Problem details: All entries below are to be written out again exactly, but no picture is to be copied.

Dataset records:
· · ·

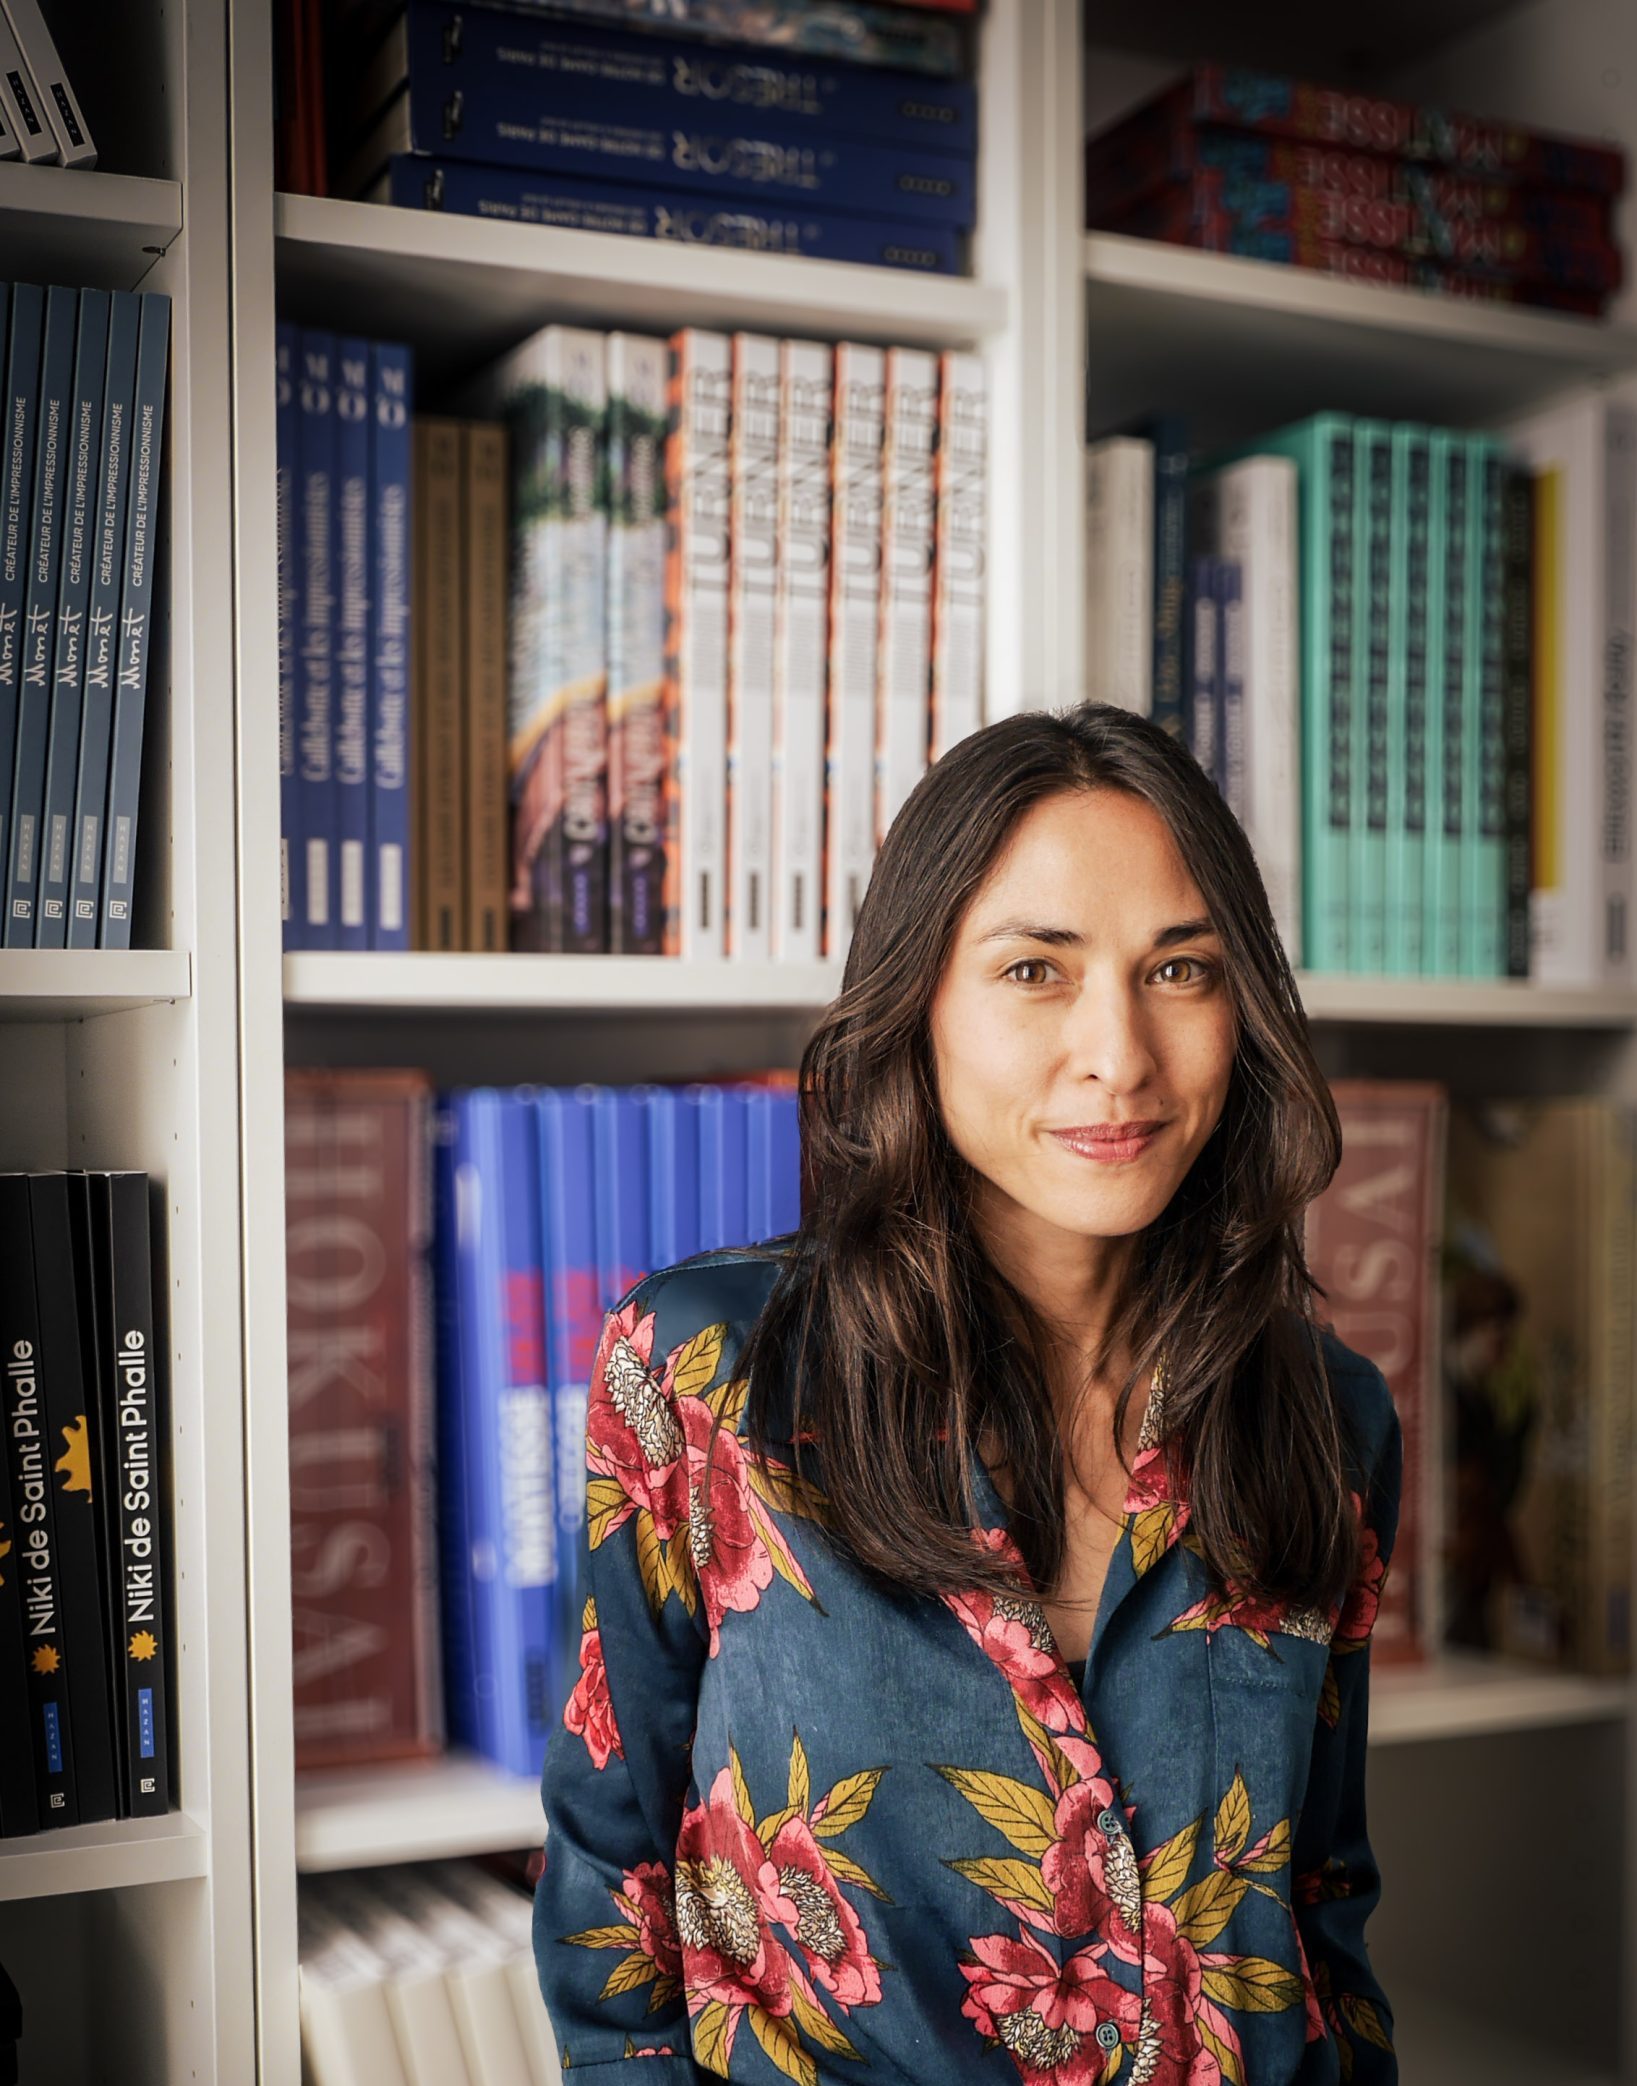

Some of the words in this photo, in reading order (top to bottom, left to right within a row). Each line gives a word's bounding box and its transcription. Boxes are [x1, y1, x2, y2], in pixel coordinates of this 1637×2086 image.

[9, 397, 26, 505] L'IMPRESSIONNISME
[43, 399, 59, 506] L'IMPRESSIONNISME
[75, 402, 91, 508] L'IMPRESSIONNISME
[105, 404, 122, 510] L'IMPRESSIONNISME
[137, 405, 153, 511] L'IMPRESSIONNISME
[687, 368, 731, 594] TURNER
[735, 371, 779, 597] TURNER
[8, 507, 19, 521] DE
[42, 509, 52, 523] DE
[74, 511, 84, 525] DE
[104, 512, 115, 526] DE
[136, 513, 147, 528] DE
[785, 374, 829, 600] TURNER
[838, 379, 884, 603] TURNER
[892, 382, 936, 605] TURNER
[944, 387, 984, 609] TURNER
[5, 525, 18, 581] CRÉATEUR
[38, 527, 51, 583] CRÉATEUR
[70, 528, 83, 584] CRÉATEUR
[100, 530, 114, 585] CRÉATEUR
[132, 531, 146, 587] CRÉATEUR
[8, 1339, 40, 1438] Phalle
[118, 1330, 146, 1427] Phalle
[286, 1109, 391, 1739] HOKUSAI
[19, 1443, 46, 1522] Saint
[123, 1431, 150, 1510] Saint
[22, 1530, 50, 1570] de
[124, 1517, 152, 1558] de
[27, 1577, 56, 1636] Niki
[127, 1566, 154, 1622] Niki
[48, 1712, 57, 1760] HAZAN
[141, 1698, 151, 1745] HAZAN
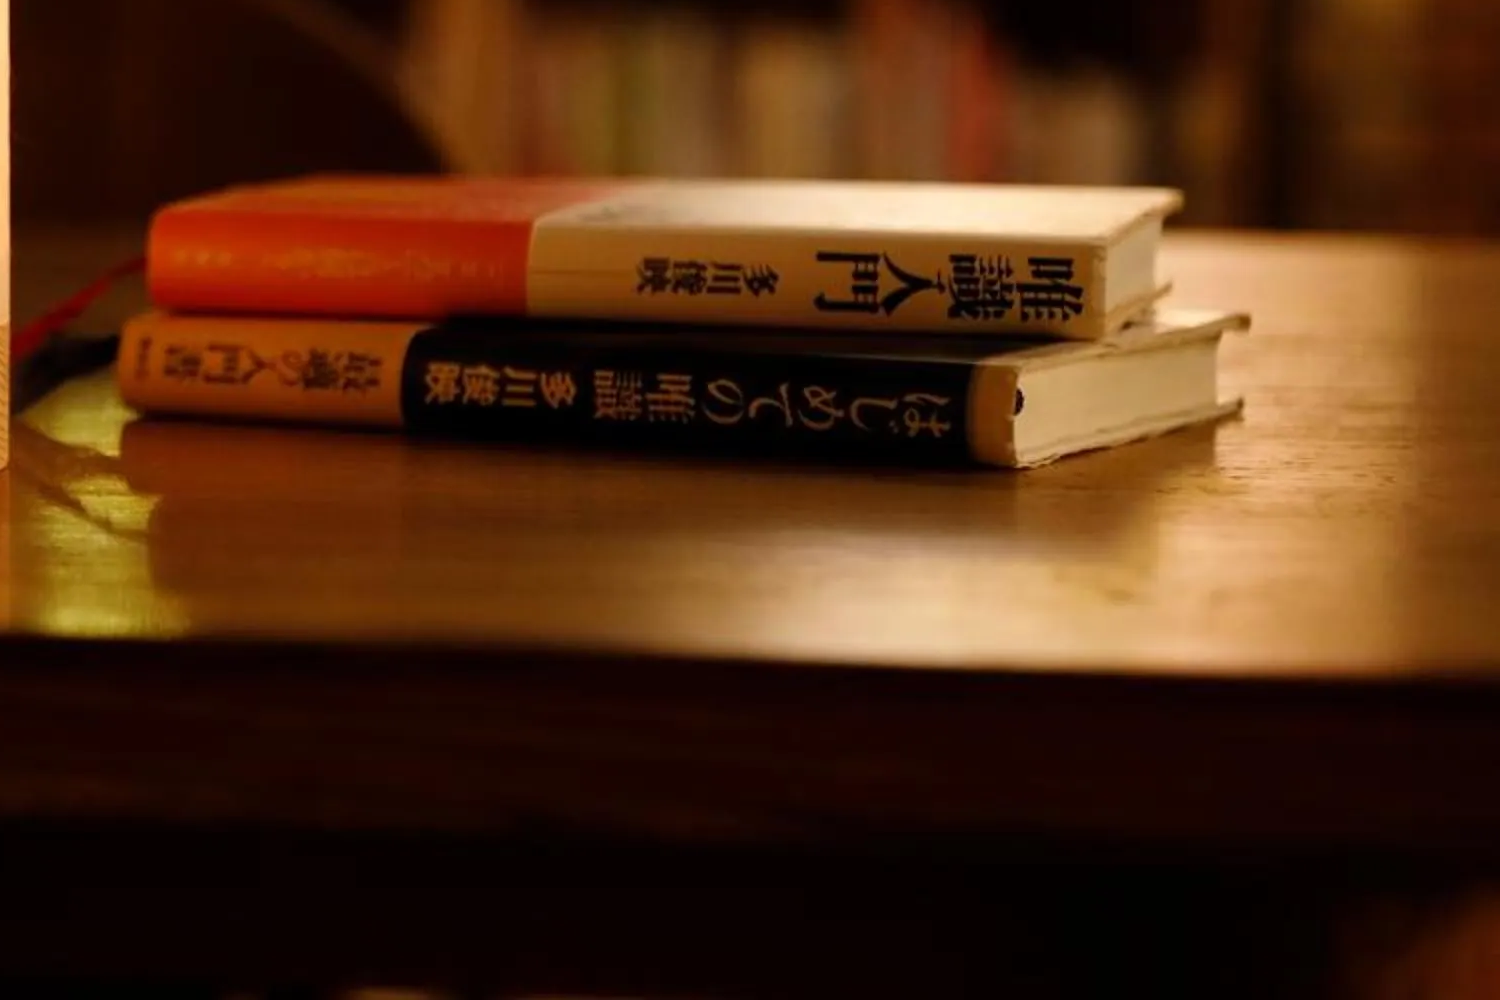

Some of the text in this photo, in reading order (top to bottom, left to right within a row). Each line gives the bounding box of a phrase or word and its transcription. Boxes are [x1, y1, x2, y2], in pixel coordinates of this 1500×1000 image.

· · ·

Solved exercise:
Some of the words in this photo, in reading order (top to bottom, left to right within a row). Each line gives a word's bounding box and its transcription. Boxes are [x1, y1, x2, y2], in pixel coordinates of this 1637×2086 image.

[9, 397, 26, 505] L'IMPRESSIONNISME
[43, 399, 59, 506] L'IMPRESSIONNISME
[75, 402, 91, 508] L'IMPRESSIONNISME
[105, 404, 122, 510] L'IMPRESSIONNISME
[137, 405, 153, 511] L'IMPRESSIONNISME
[687, 368, 731, 594] TURNER
[735, 371, 779, 597] TURNER
[8, 507, 19, 521] DE
[42, 509, 52, 523] DE
[74, 511, 84, 525] DE
[104, 512, 115, 526] DE
[136, 513, 147, 528] DE
[785, 374, 829, 600] TURNER
[838, 379, 884, 603] TURNER
[892, 382, 936, 605] TURNER
[944, 387, 984, 609] TURNER
[5, 525, 18, 581] CRÉATEUR
[38, 527, 51, 583] CRÉATEUR
[70, 528, 83, 584] CRÉATEUR
[100, 530, 114, 585] CRÉATEUR
[132, 531, 146, 587] CRÉATEUR
[8, 1339, 40, 1438] Phalle
[118, 1330, 146, 1427] Phalle
[286, 1109, 391, 1739] HOKUSAI
[19, 1443, 46, 1522] Saint
[123, 1431, 150, 1510] Saint
[22, 1530, 50, 1570] de
[124, 1517, 152, 1558] de
[27, 1577, 56, 1636] Niki
[127, 1566, 154, 1622] Niki
[48, 1712, 57, 1760] HAZAN
[141, 1698, 151, 1745] HAZAN

Some of the text in this photo, in reading order (top to bottom, left to right within a row). Each line gives the bounding box of a phrase or word and its transcription. Boxes are [x1, y1, x2, y2], in pixel coordinates of this 1500×1000 image.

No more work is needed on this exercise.